“Pink Elephant” : le nouvel album d’Arcade Fire éclipsé par la controverse
“Pink Elephant” : le nouvel album d’Arcade Fire éclipsé par la controverse

Avec Pink Elephant, Arcade Fire signe un nouvel album sous tension, tiraillé entre ambitions musicales et controverses persistantes. Un retour entaché par les accusations visant Win Butler, figure centrale du groupe.

Un comeback sous surveillance

Le groupe canadien Arcade Fire tente de renouer avec le devant de la scène en dévoilant Pink Elephant, leur septième album studio, trois ans après We. Mais cette sortie ne fait pas que parler musique. Depuis 2022, Win Butler, chanteur et leader du groupe, fait l’objet de plusieurs accusations d’inconduites sexuelles, révélées notamment par Pitchfork. Si l’artiste a reconnu des relations extraconjugales, il réfute tout comportement non consenti. Soutenu publiquement par sa compagne et co-membre du groupe Régine Chassagne, Butler a néanmoins plongé Arcade Fire dans une tourmente dont il peine à s’extraire.

Ce contexte pèse lourd sur la réception du disque. Peu de communication, promotion timide : tout semble indiquer une volonté de minimiser l’exposition, à rebours du faste habituel de leurs précédentes sorties. Pour Marc Cassivi, journaliste culturel à Radio-Canada, la tournée qui accompagne l’album se joue désormais sur un fil : « On va voir le groupe en jaugeant notre degré de malaise à les voir sur scène », a-t-il déclaré dans l’émission Tout Public. L’héritage du groupe, longtemps associé à des causes sociales et environnementales, semble désormais fragilisé.

Un album à la hauteur de son ambiance plombée

Sur le plan musical, Pink Elephant peine à convaincre. Malgré quelques bonnes intentions – comme Year of the Snake ou le morceau-titre –, l’ensemble de l’album donne l’impression d’un groupe qui avance sans réelle conviction. Les interludes s’enchaînent sans cohérence, les compositions oscillent entre nostalgie et confusion, à l’image de Circle of Trust ou Alien Nation, qui peinent à trouver leur identité.

Plus grave encore, la flamme qu’Arcade Fire parvenait autrefois à transmettre, même dans ses expérimentations les plus audacieuses, semble ici éteinte. Le duo Butler/Chassagne, autrefois moteur d’une créativité débordante, apparaît effacé, presque absent. Un constat renforcé par Ride or Die, ballade fantomatique qui aurait pu briller dans un autre contexte mais reste ici figée dans un squelette d’idées non abouties.
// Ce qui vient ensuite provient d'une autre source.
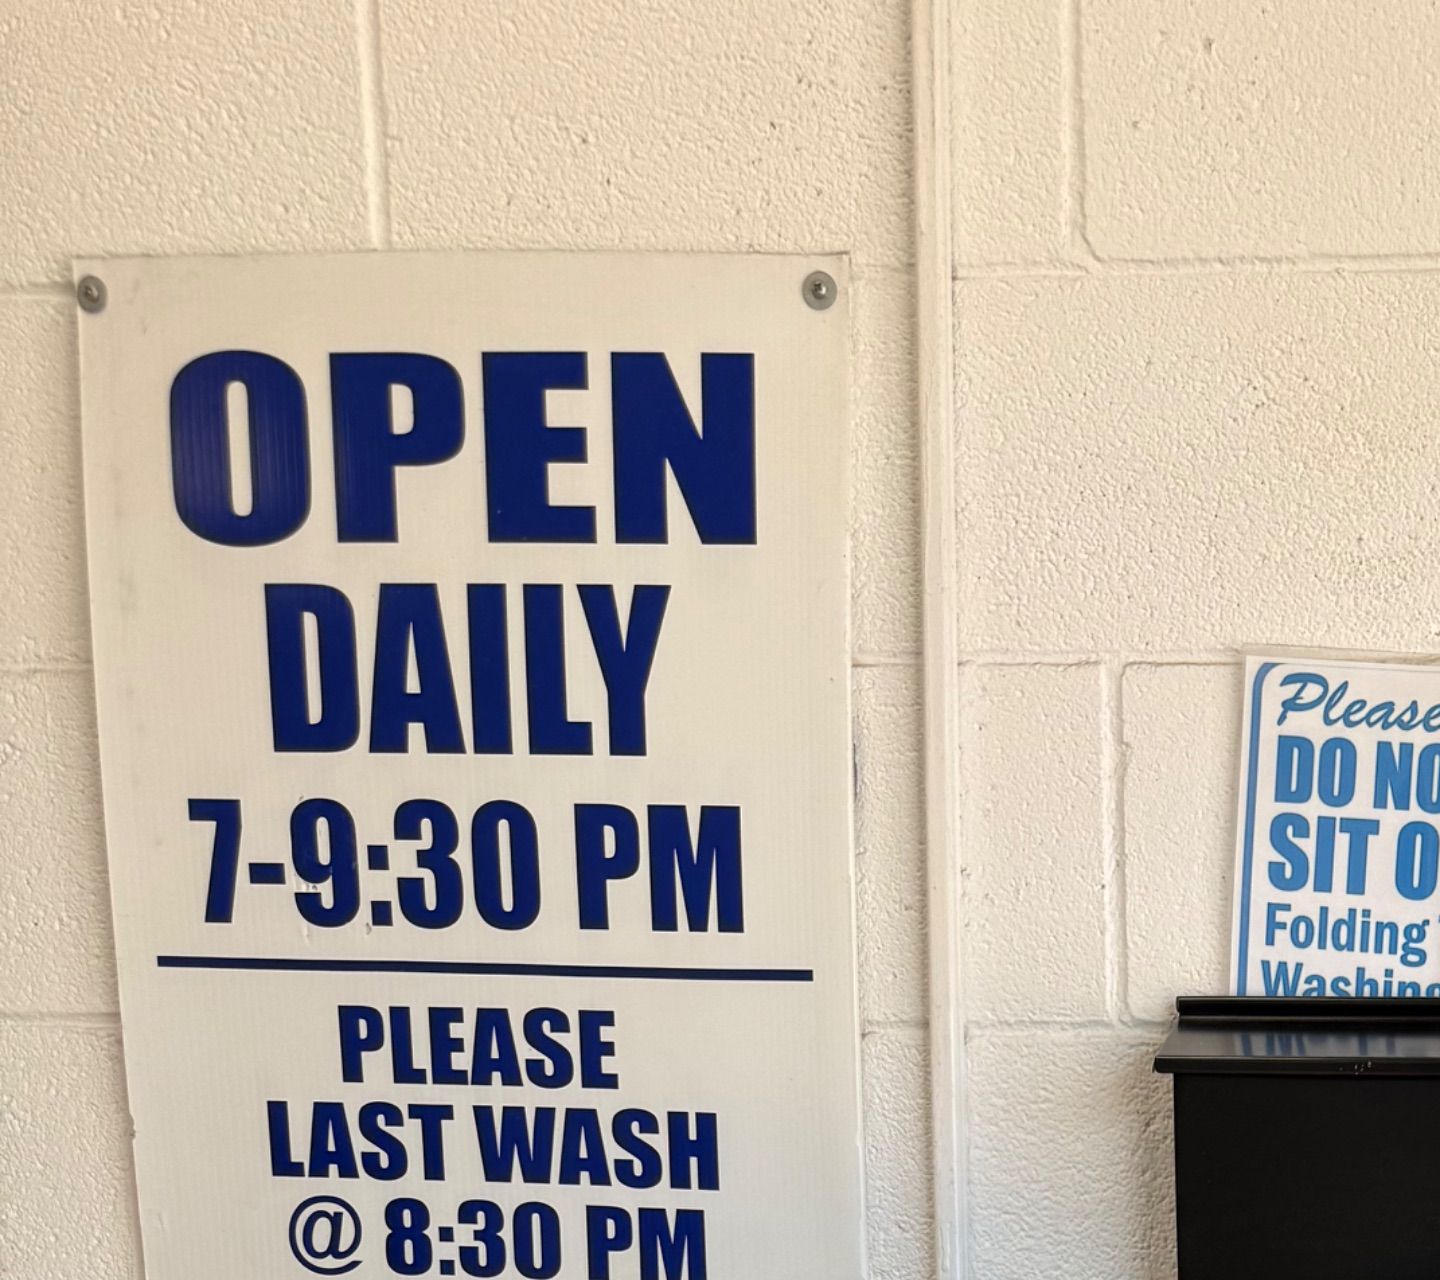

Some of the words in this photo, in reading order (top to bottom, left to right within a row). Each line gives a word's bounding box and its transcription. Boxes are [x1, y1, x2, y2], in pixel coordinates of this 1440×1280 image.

[169, 349, 757, 548] OPEN
[263, 582, 672, 757] DAILY
[1274, 735, 1357, 808] DO
[187, 797, 541, 932] 7-9:30
[573, 803, 745, 934] PM
[1267, 812, 1380, 897] SIT
[1264, 903, 1430, 968] Folding
[337, 1004, 619, 1090] PLEASE
[266, 1100, 454, 1181] LAST
[472, 1104, 720, 1191] WASH
[288, 1195, 363, 1276] @
[384, 1197, 562, 1280] 8:30
Avec Pink Elephant, Arcade Fire livre un disque en demi-teinte, marqué par les fantômes du passé plus que par les promesses de renouveau. Un retour qui, au lieu de redéfinir leur place dans le paysage musical, semble surtout illustrer la difficulté d’exister pleinement lorsqu’une ombre trop pesante obscurcit la lumière.